• **Activity**
Without any pictures, copy the records below once more, exactly as they are.

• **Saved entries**
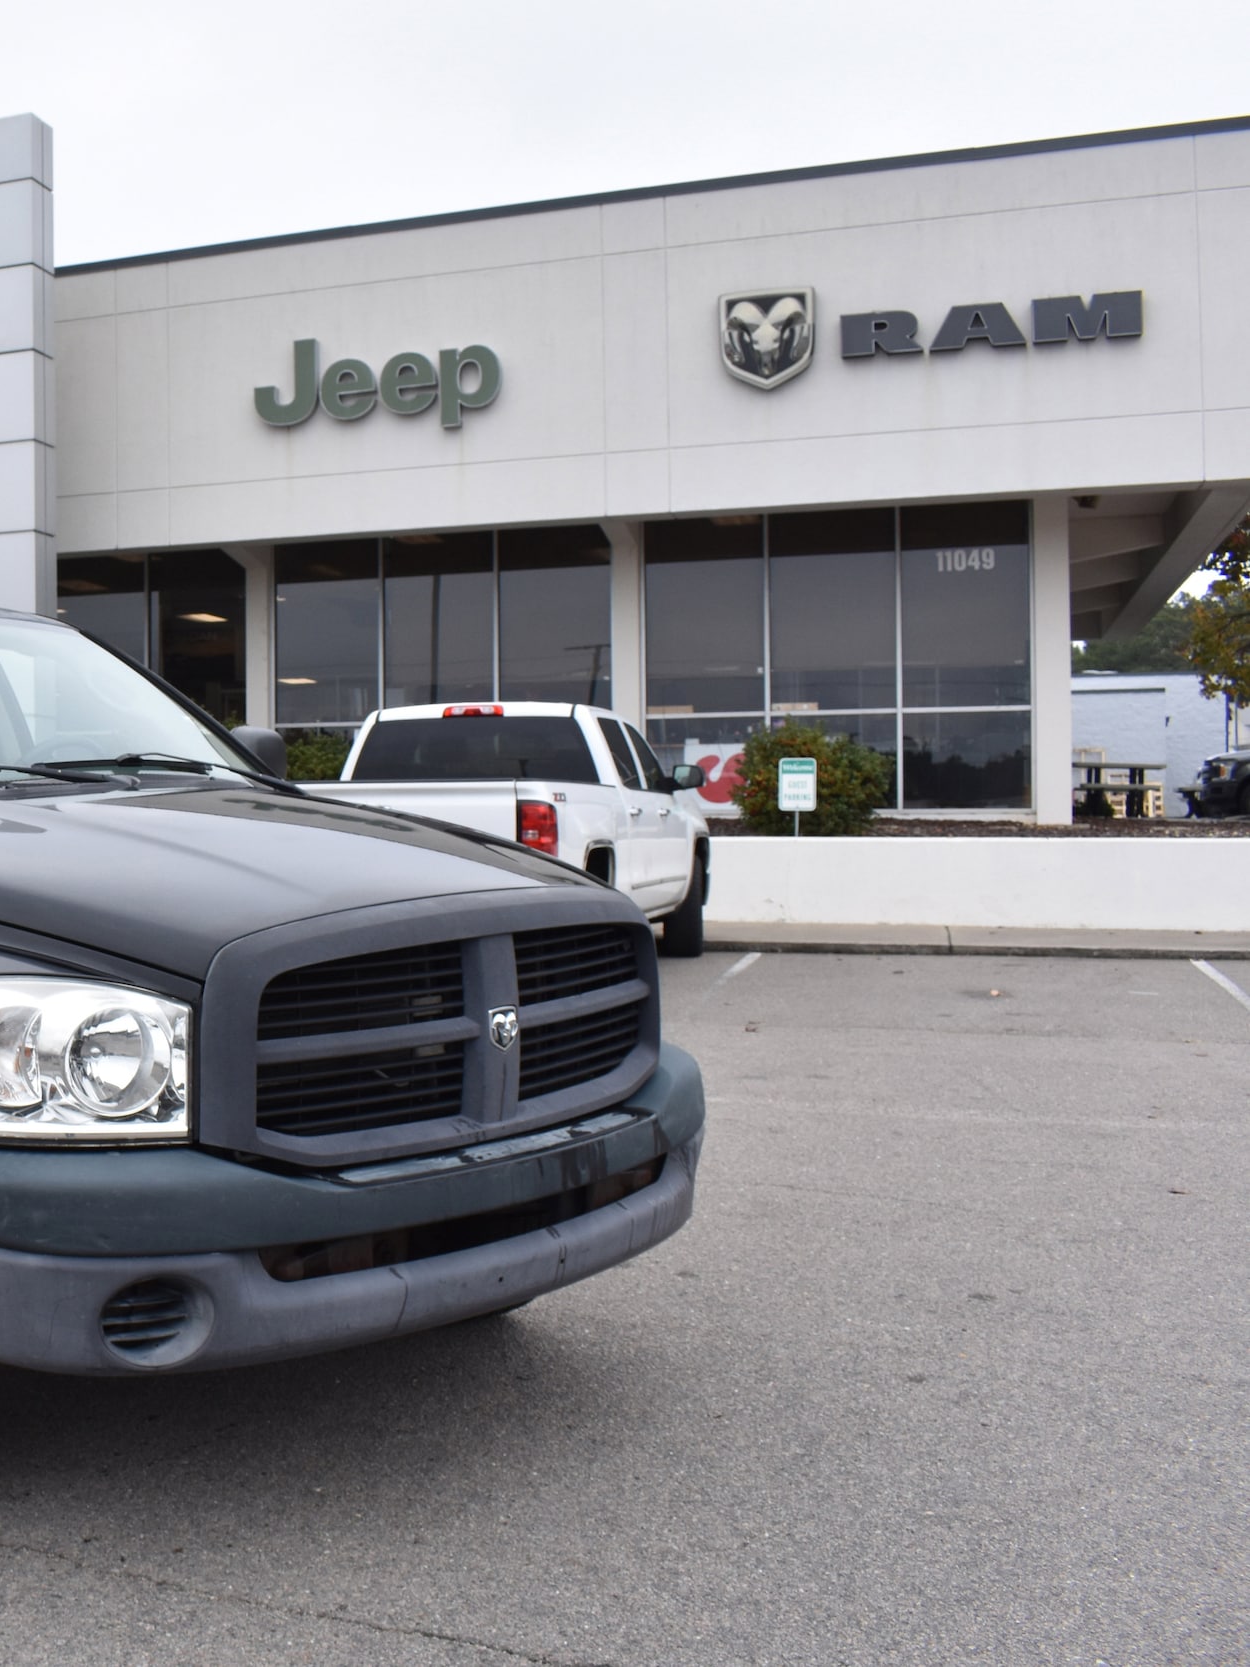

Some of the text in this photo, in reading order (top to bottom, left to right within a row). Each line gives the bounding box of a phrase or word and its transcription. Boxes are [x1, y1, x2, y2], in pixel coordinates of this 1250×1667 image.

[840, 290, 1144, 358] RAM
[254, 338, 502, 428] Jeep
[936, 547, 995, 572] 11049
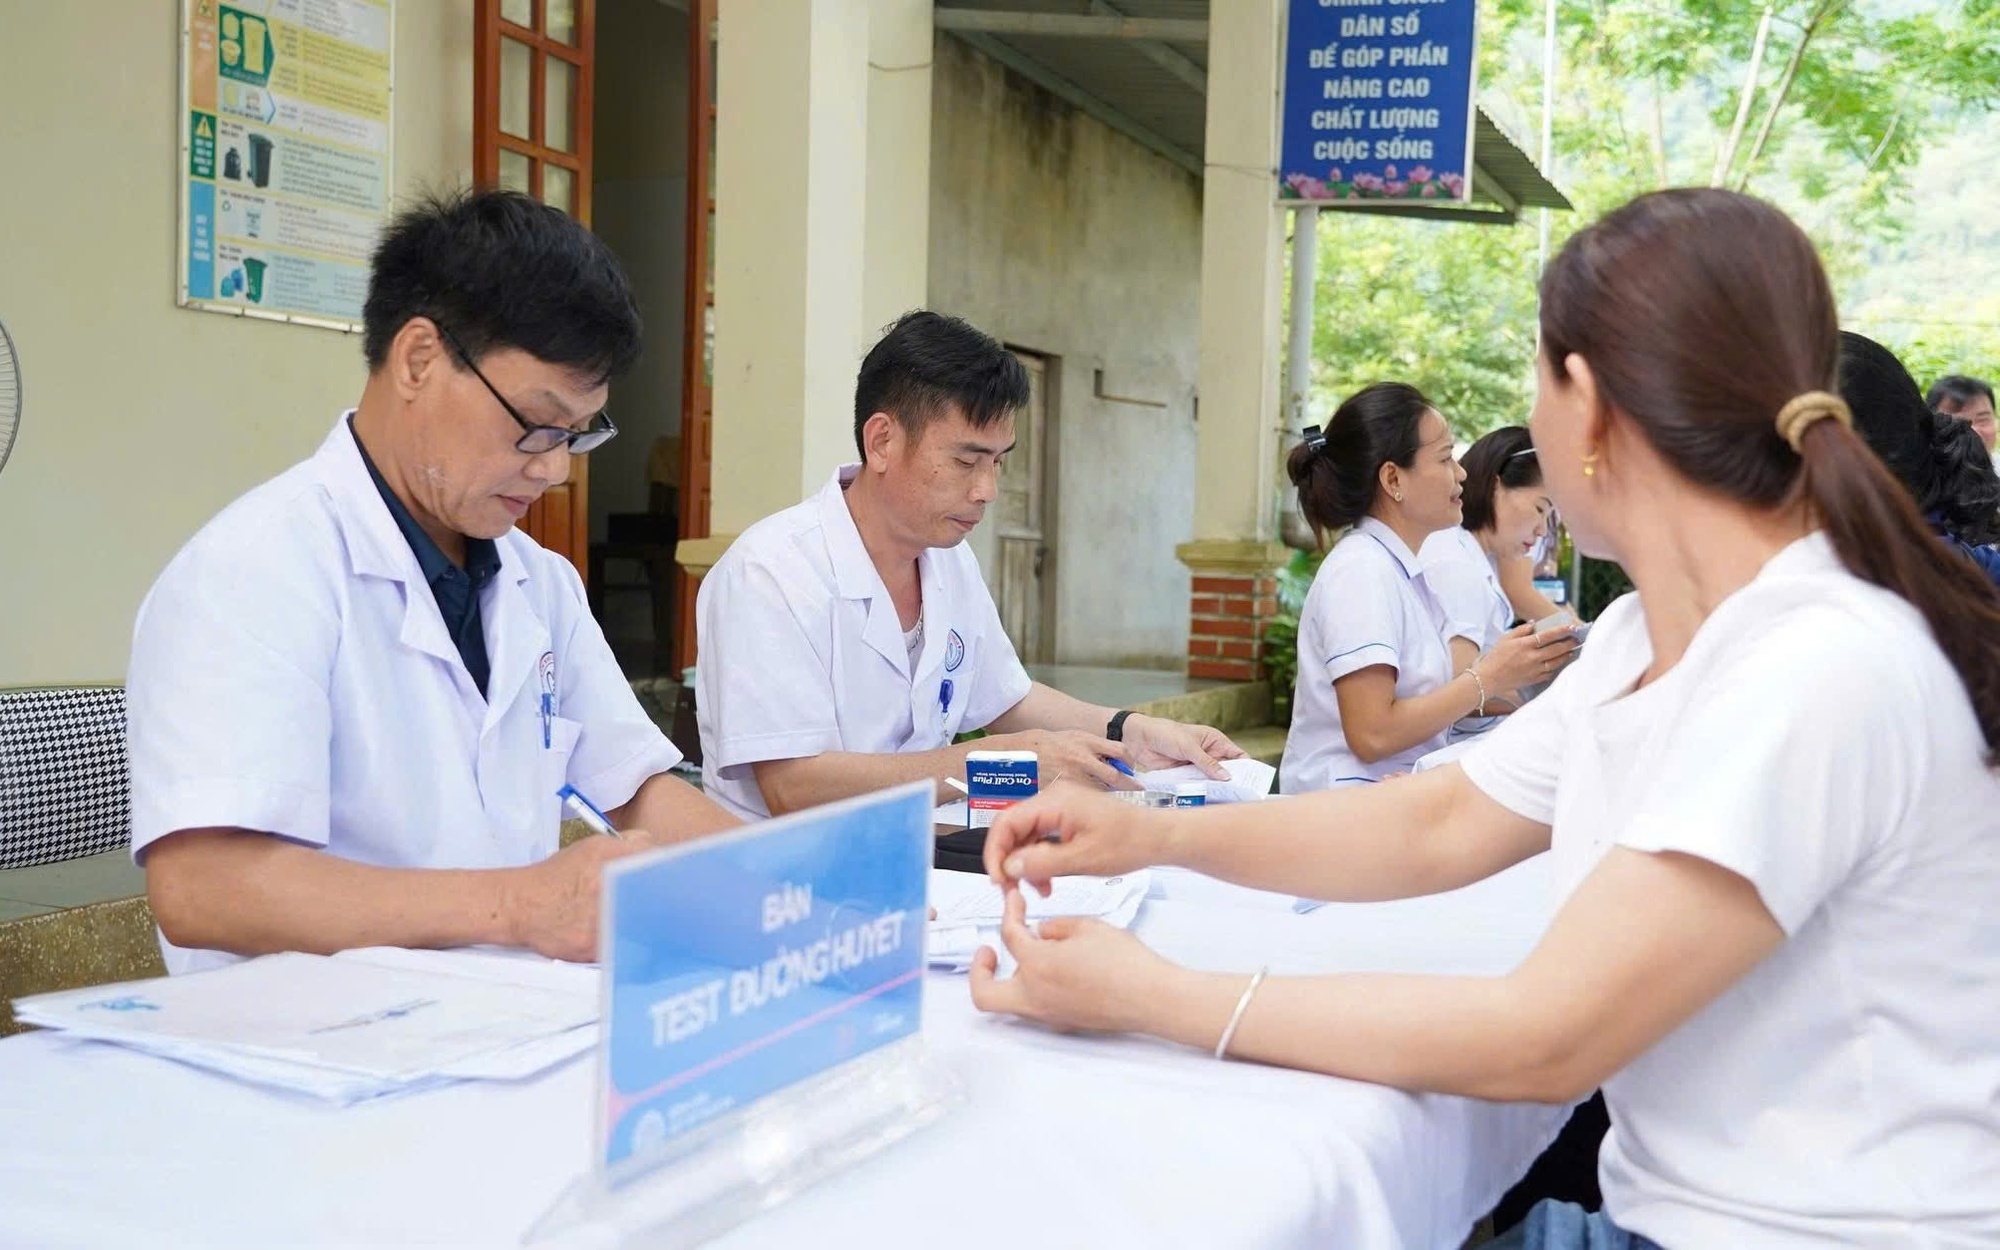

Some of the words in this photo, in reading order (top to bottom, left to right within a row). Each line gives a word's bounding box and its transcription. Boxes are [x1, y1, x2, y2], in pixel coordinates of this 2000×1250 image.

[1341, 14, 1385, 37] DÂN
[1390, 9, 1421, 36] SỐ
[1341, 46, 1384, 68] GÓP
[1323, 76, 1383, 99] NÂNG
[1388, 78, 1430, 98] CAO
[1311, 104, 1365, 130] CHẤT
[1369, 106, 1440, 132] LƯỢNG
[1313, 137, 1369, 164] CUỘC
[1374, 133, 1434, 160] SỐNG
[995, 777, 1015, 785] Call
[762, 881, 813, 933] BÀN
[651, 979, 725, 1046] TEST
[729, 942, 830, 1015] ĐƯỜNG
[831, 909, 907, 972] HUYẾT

• **Task response**
Some of the text in this photo, in reading order (top to bottom, left to right within a row). Each line gives the bounding box of a phrase or word and its transcription. Boxes are [x1, y1, x2, y2], in pixel coordinates of this 1250×1667 image.

[840, 290, 1144, 358] RAM
[254, 338, 502, 428] Jeep
[936, 547, 995, 572] 11049

Some of the words in this photo, in reading order (top to bottom, left to right within a row). Each line gives a word's bounding box and its transcription. Boxes are [x1, y1, x2, y2], in pixel coordinates of this 2000×1250 image.

[1341, 14, 1385, 37] DÂN
[1390, 9, 1421, 36] SỐ
[1341, 46, 1384, 68] GÓP
[1323, 76, 1383, 99] NÂNG
[1388, 78, 1430, 98] CAO
[1311, 104, 1365, 130] CHẤT
[1369, 106, 1440, 132] LƯỢNG
[1313, 137, 1369, 164] CUỘC
[1374, 133, 1434, 160] SỐNG
[995, 777, 1015, 785] Call
[762, 881, 813, 933] BÀN
[651, 979, 725, 1046] TEST
[729, 942, 830, 1015] ĐƯỜNG
[831, 909, 907, 972] HUYẾT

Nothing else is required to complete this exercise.